Friction in the labor market costs the U.S economy more than $630B per annum as shown in the chart below. Given ARK’s expectations for an acceleration in job turnover thanks to automation, this number should be expected to grow. Bad news? Not for everyone: these frictions present tremendous opportunity for companies that help firms reduce time-to-hire, provide workers with new skill-sets, and train new employees more efficiently. Though automation, robotics, and 3D printing tend to take center stage in industrial innovation, employee education and training is an equally important and often overlooked opportunity.
The largest cost associated with friction in the labor market is regular employee turnover. Firings, resignations, and retirements will account for 58 million separations this year. Given a total of only 142 million non-farm employees in the economy, separations impact 40% of all jobs every year.
ARK calculates that recruiting costs alone will account for more than $240B of spending in 2015. Finding and wooing attractive candidates for open positions is expensive, at roughly $4,000 per hire. These expenses include the use of external tools, the costs of internal resources devoted to assessing potential candidates, and the onboarding costs of bringing on a new employee.
Despite the high cost of recruiting, companies can’t leave positions vacant: unfilled job-slots cost firms roughly $70 billion a year. The explanation is simple: when a position remains unfilled, existing employees have to put in overtime, or temporary staff has to be brought on board, and both options are expensive. All-in, it takes an average of two months to fill a position.
The second biggest cost arising from labor market friction occurs after the employee has been hired. It takes roughly five months before an employee reaches 100% productivity  and, in total, companies devote vast resources bringing new employees up to speed. In addition, companies lose output during the training process itself.
Training employees costs roughly $230B per year by ARK’s estimates. More than two thirds of the cost, or $170B, is on direct training materials and courses, a disproportionate amount of which is devoted to new hires. Moreover, as routine jobs become automated, more highly skilled jobs are created and require additional training. Consequently, as the chart below shows, spending on training has increased steadily since 2010. In addition to the direct cost of training, new hires impose an indirect burden, as they require additional time and attention from co-workers and supervisors.
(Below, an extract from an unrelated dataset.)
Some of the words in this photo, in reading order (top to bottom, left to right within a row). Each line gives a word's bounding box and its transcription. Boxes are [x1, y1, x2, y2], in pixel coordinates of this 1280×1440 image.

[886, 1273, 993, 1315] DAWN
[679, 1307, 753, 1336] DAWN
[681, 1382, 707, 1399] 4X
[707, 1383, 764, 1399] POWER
In addition to the costs of training, ARK calculates a total loss of $49B in output while new employees ramp toward full productivity. As automation increases worker productivity ARK expects revenue per employee to double over 20 years. This will drive the opportunity cost of unfilled and underperformed jobs even higher.
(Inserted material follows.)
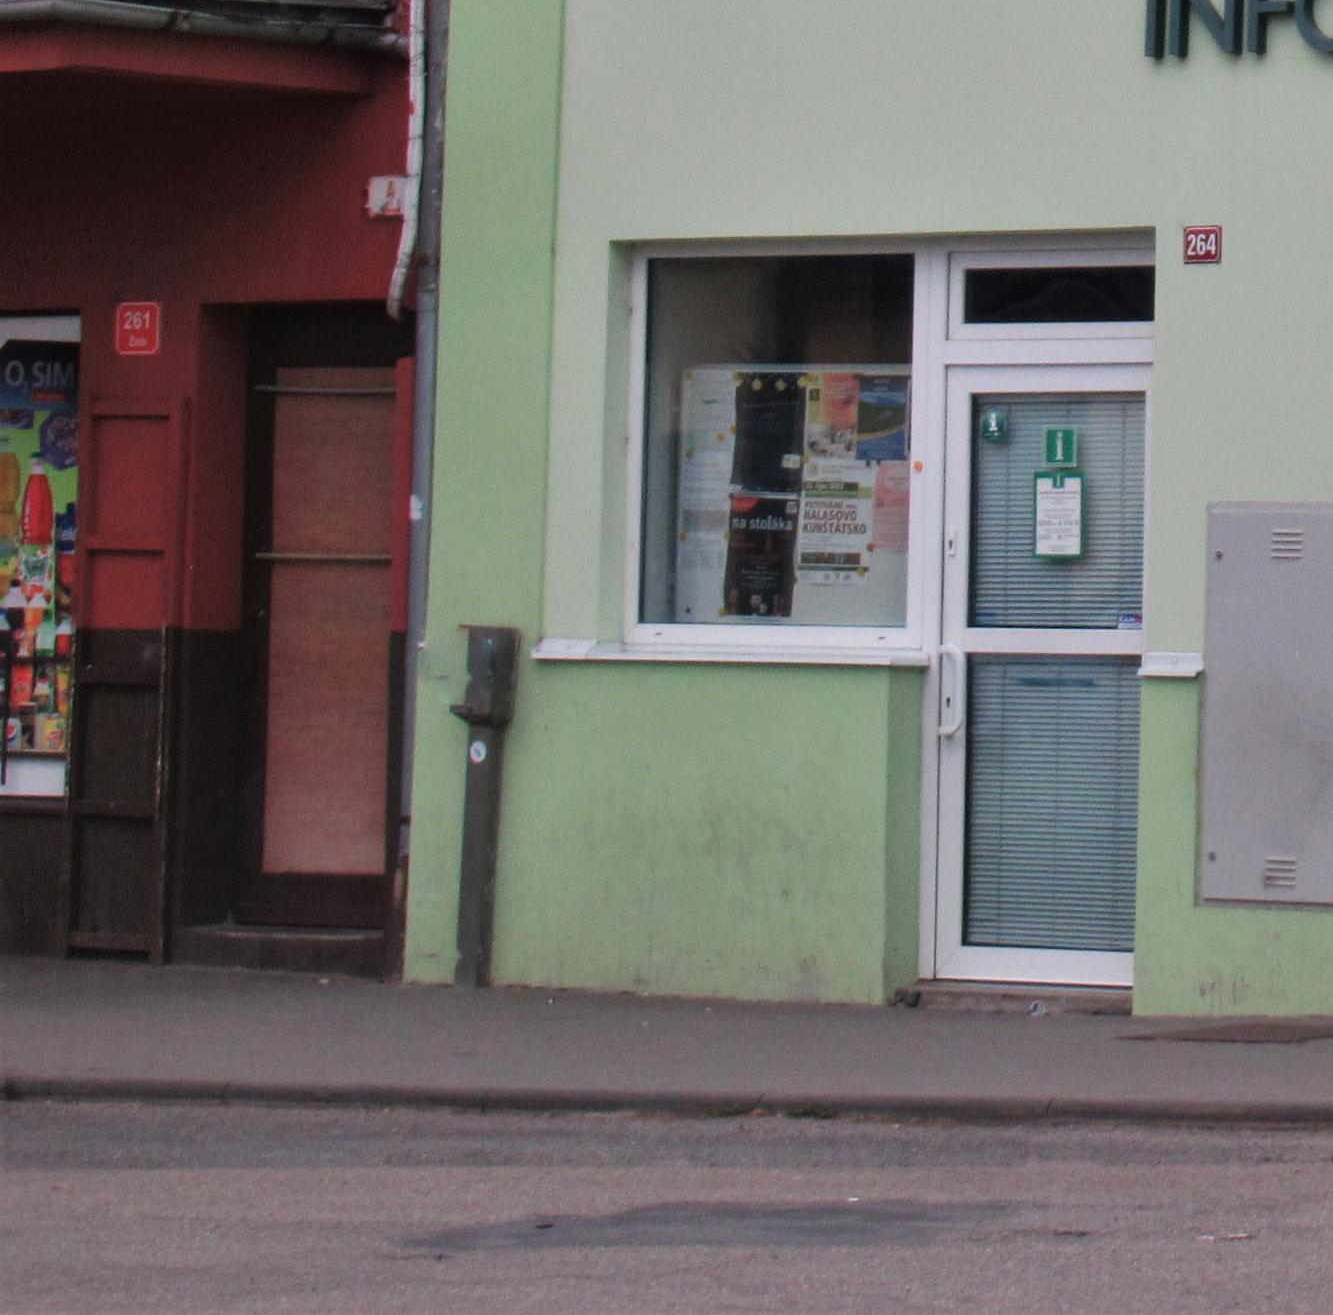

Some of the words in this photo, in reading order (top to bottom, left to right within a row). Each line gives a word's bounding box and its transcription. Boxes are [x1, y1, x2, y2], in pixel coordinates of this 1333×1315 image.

[1187, 233, 1217, 255] 264
[124, 311, 150, 330] 261
[32, 361, 76, 388] SIM
The third largest cost of labor market turnover comes from corporate unemployment insurance payments. During the year ended June, 2015, unemployment insurance payments totaled $45 billion. Administrators seek to build reserves during upcycles to cover the cost of down-cycles, so collections and distributions typically do not match. At its peak in 2009, the unemployment insurance program paid out more than $75B. Today, with the unemployment rate at a cyclical low of 5.0%, payouts still are running $35 billion on a trailing 12-month basis. The size of the fund required and the time during which job seekers rely upon unemployment payments could be decreased by companies that can effectively match talent to unfilled position and by companies that can train unqualified candidates to an acceptable level.
While ARK’s research shows that automation won’t lead to rampant unemployment , it will fuel the underlying drivers of friction in the labor market by increasing job turnover and employee training requirements. As seen in the chart below, ARK expects automation to account for an additional 300,000 separations in 2020, 2.5 million separations in 2025, and as many as 8 million in 2030. The increase in employee turnover could cost the economy an additional $3B in 2020 alone and as much as $80B per annum by 2030.
Of course, ARK doesn’t expect to see the cost burden grow so large. As automation continues to create new positions and increases employee turnover, there will be a growing opportunity for companies like Cornerstone OnDemand [CSOD], ManpowerGroup [MAN], Adecco [AHEXY], Workday [WDAY], Robert Half International [RHI], Randstad Holding [RANJY] and LinkedIn [LNKD], to drive substantial efficiency into the market. Literally hundreds of billions of dollars in productivity potential depends upon their ability to do so.